Arawak Cement Co Ltd of St Lucy, Barbados, announced a turnaround in its finances in 2015. While it did not release any hard data, it described 2015 as a “very encouraging” year. The company reported improved operational efficiencies and a 20 per cent rise in exports when compared with 2014.

Chairman Arun Goyal said the improved performance resulted from strategic initiatives and “an adherence to the core objectives of sustainability and competitiveness as our driving force”.

Last October, the company carried out a considerable restructuring plan to reverse the trend of continuous losses ongoing since 2008. The two largest components of this were energy and labour. Some 40 workers were made redundant at the Checker Hall plant and a new General Manager, Manuel Toro, was appointed.

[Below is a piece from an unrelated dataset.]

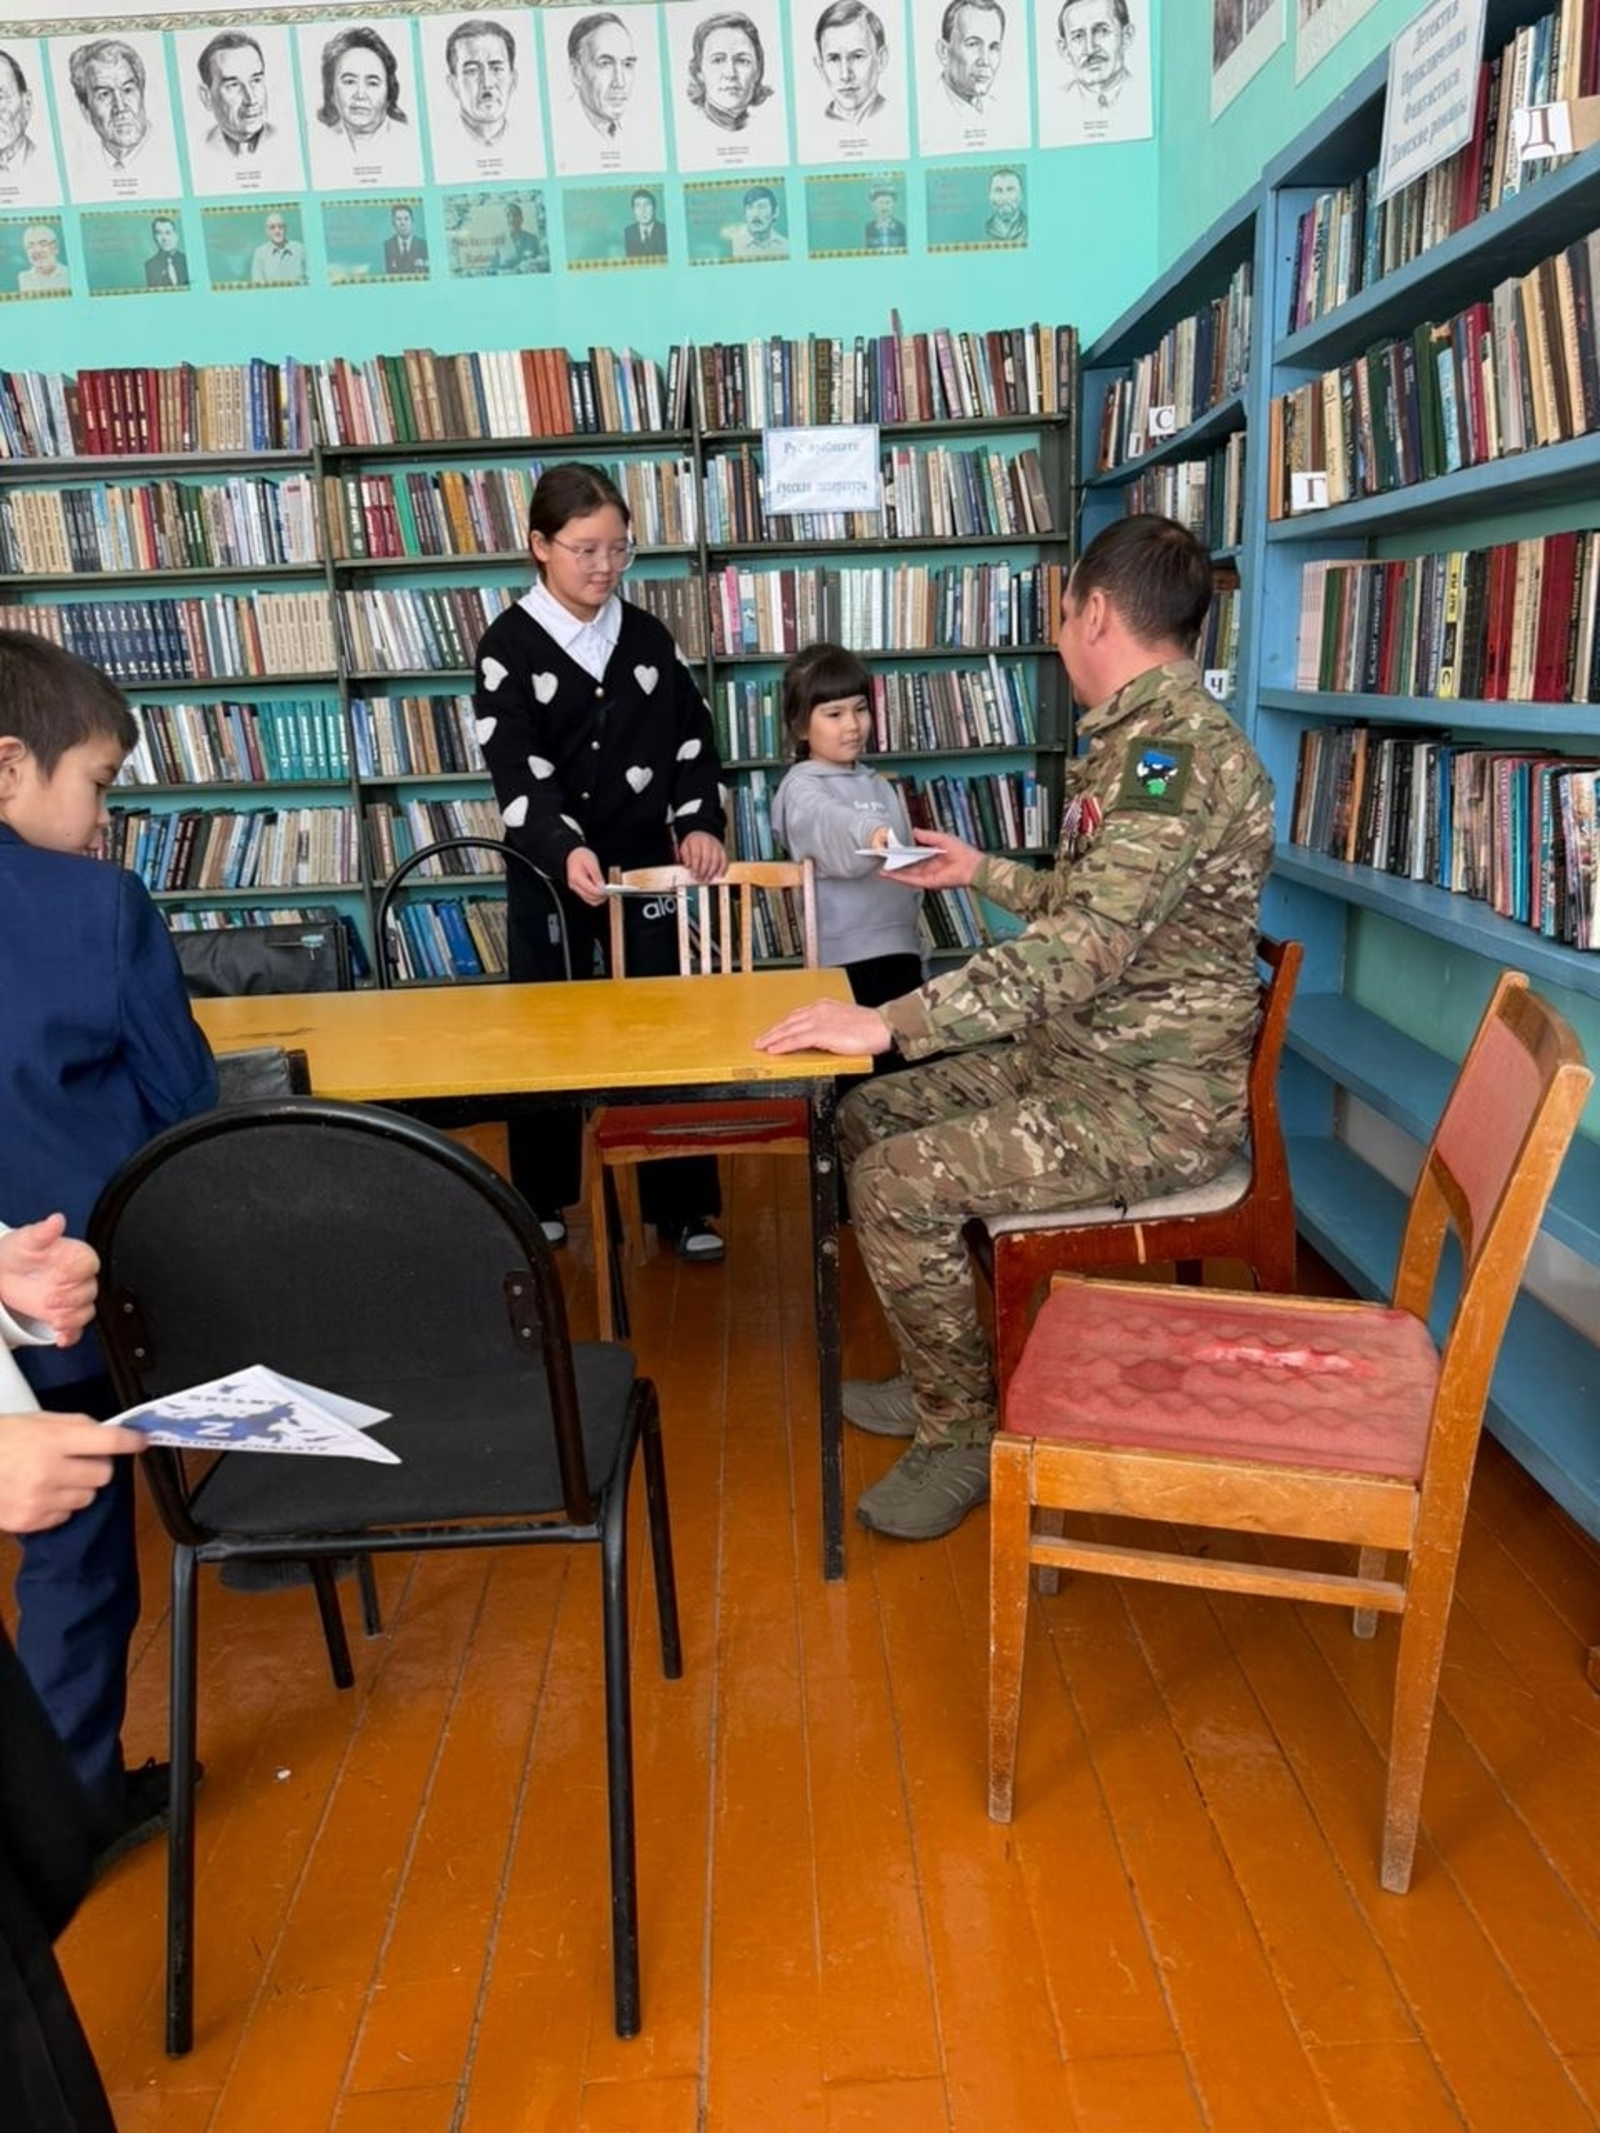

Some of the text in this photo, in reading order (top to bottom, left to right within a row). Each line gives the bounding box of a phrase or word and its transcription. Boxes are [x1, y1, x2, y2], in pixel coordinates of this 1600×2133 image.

[1404, 68, 1460, 125] Фантастика
[1520, 107, 1556, 156] Д
[1306, 478, 1327, 503] Г

The cement producer plans to invest more than US$20m over the next three years in manpower training and equipment upgrades to reduce unscheduled plant stoppages by one-third, improve production efficiency by over 10 per cent as well as reduce its carbon footprint.

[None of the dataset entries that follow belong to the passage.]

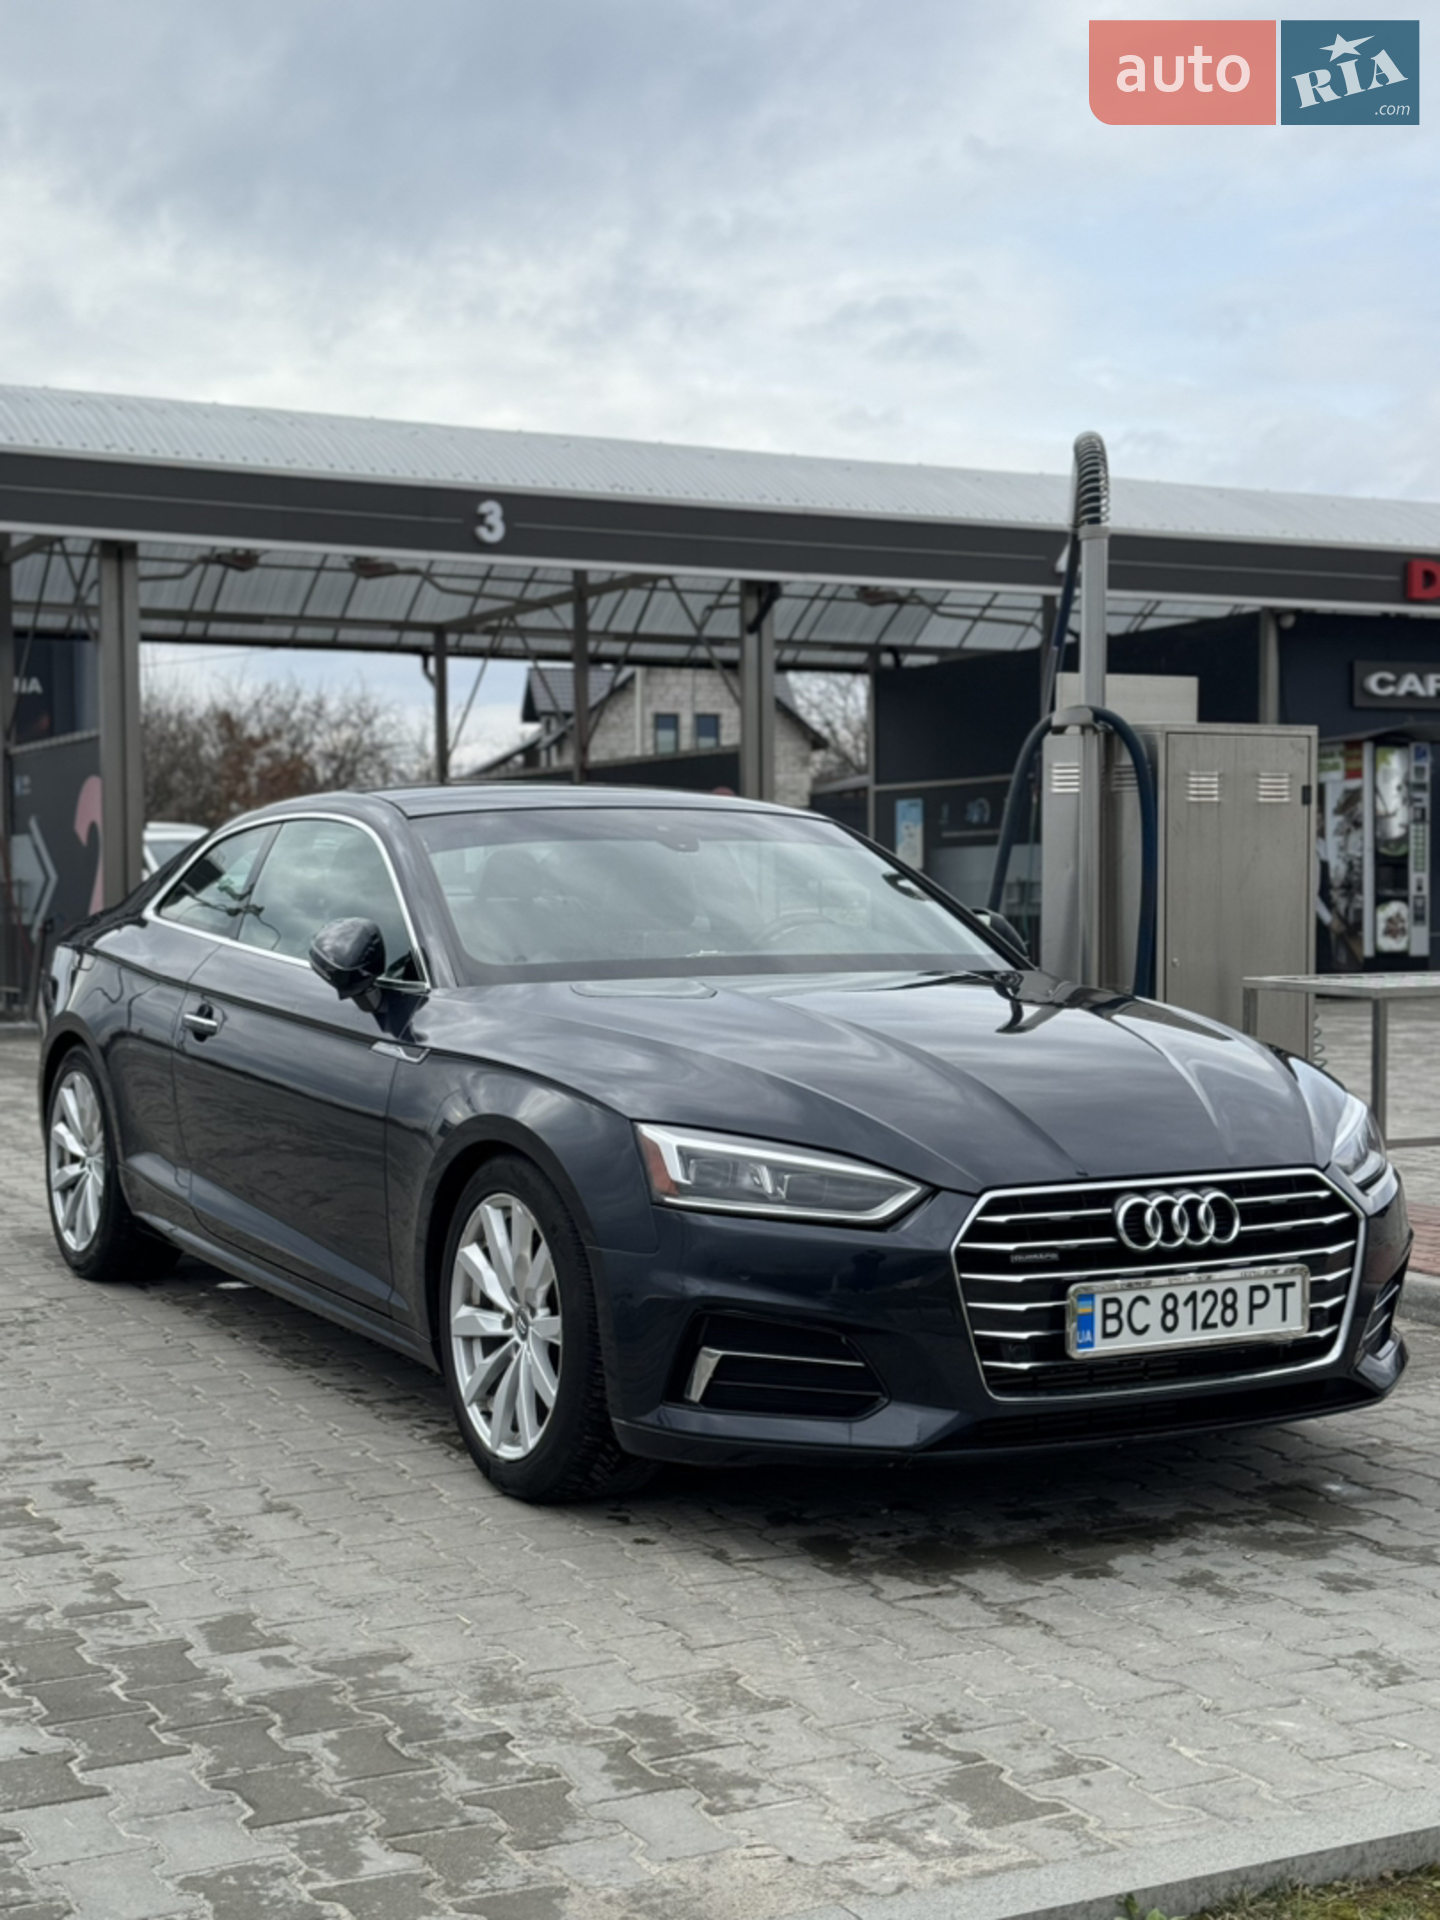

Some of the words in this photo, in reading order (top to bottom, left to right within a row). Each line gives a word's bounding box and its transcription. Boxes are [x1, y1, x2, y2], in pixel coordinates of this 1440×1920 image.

[474, 498, 506, 544] 3
[1101, 1294, 1151, 1340] BC
[1161, 1286, 1238, 1334] 8128
[1248, 1281, 1296, 1326] PT
[1077, 1329, 1093, 1344] UA

“At Arawak, we are focussed on adding value to the construction industry and are currently considering diversification and the opening of new business lines,” Mr Toro said. “We are also guided by the pillars – Safety and environment as our top priority, business sustainability and of course, delivering quality and freshness in every bag of Arawak Cement,” he added.

An aggressive export programme will be put in place, aiming to double revenue from this source in less than two years, providing the country with key foreign exchange and tax benefits.

However, since last November, Rock Hard Cement, led by Mark Maloney, has entered the market. Mark Maloney said cement prices had dropped by 30 per cent since his company entered the market, falling from US$220/t to US$160/t. He also claimed an improvement in cement and customer service quality.